Michael White explains why a cure for cancer has been so elusive:
Cancer genome projects are the latest front in the War on Cancer. The U.S. National Institutes of Health created The Cancer Genome Atlas (whose acronym, TCGA, consists of the abbreviations for each of the four chemical letters in DNA), and the United Kingdom’s Wellcome Trust is assembling the Catalog of Somatic Mutations in Cancer (COSMIC). The goal of projects like these is to exhaustively map out the genetic terrain of cancer by identifying every mutation in the genomes of tumors from tens of thousands of cancer patients. The hope motivating these projects was that scientists would discover a core set of cancer driver mutations for each type of cancer, mutations that could be targeted with smart drugs.

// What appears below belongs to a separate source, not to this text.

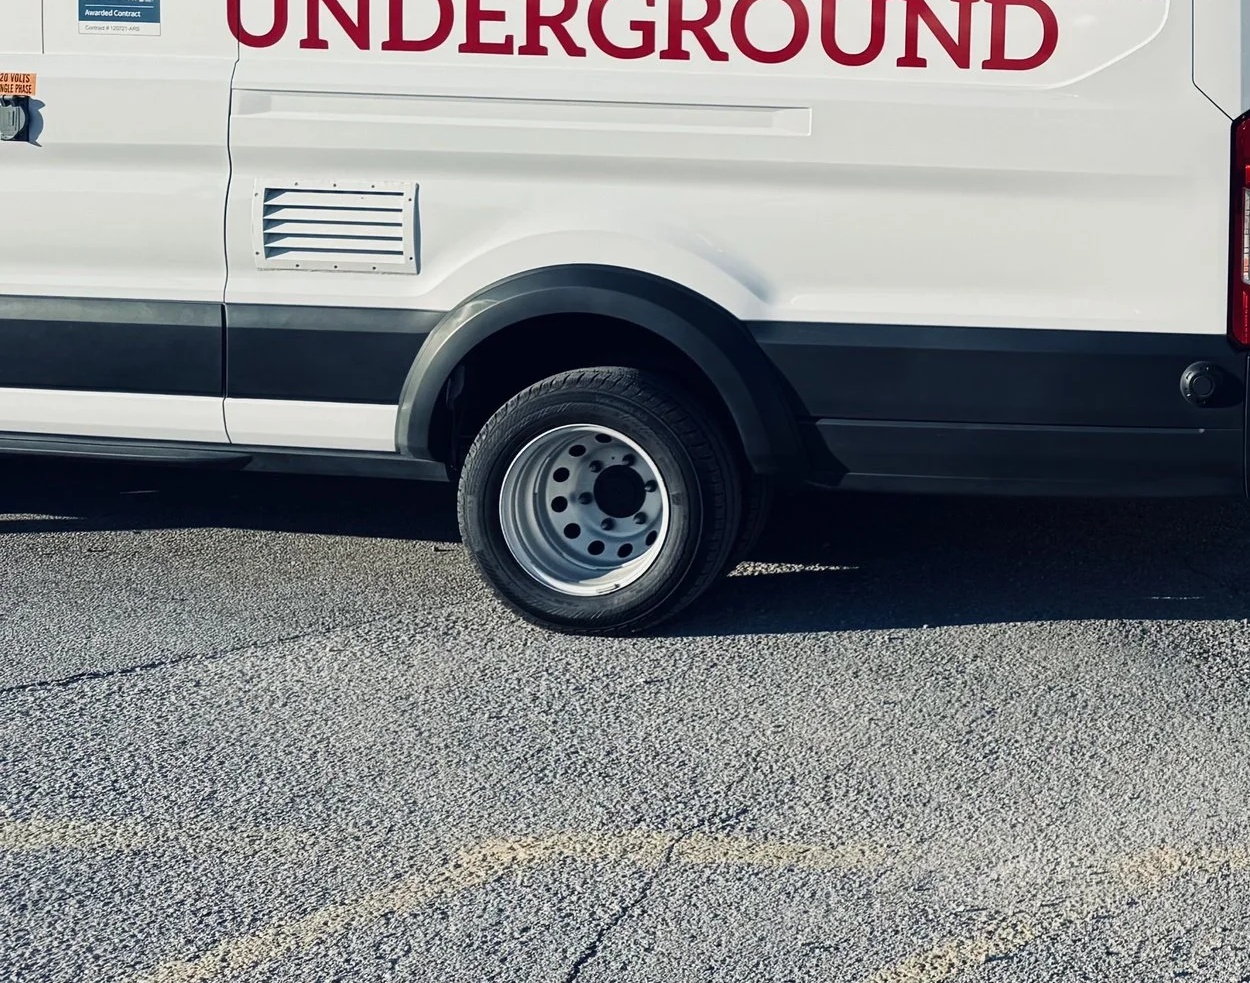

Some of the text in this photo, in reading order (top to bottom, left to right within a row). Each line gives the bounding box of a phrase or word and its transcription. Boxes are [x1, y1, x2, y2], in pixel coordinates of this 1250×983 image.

What researchers have discovered instead is that cancer is a much more fiendishly complicated genetic mess than we ever imagined. Instead of a handful of cancer-causing driver mutations for each cancer type, scientists have found that there are many different genetic paths to the same cancer. Many driver mutations for a particular cancer type occur in less than 20 percent of cancers of that type, which means that drugs targeted at that mutation will only help a minority of patients. A recent review of the subject noted that the COSMIC project has cataloged more than 800,000 mutations, covering nearly every gene in the human genome. The authors of the review suggested that “the cast of genes involved in any single cancer type will be in the neighborhood of 50–100.”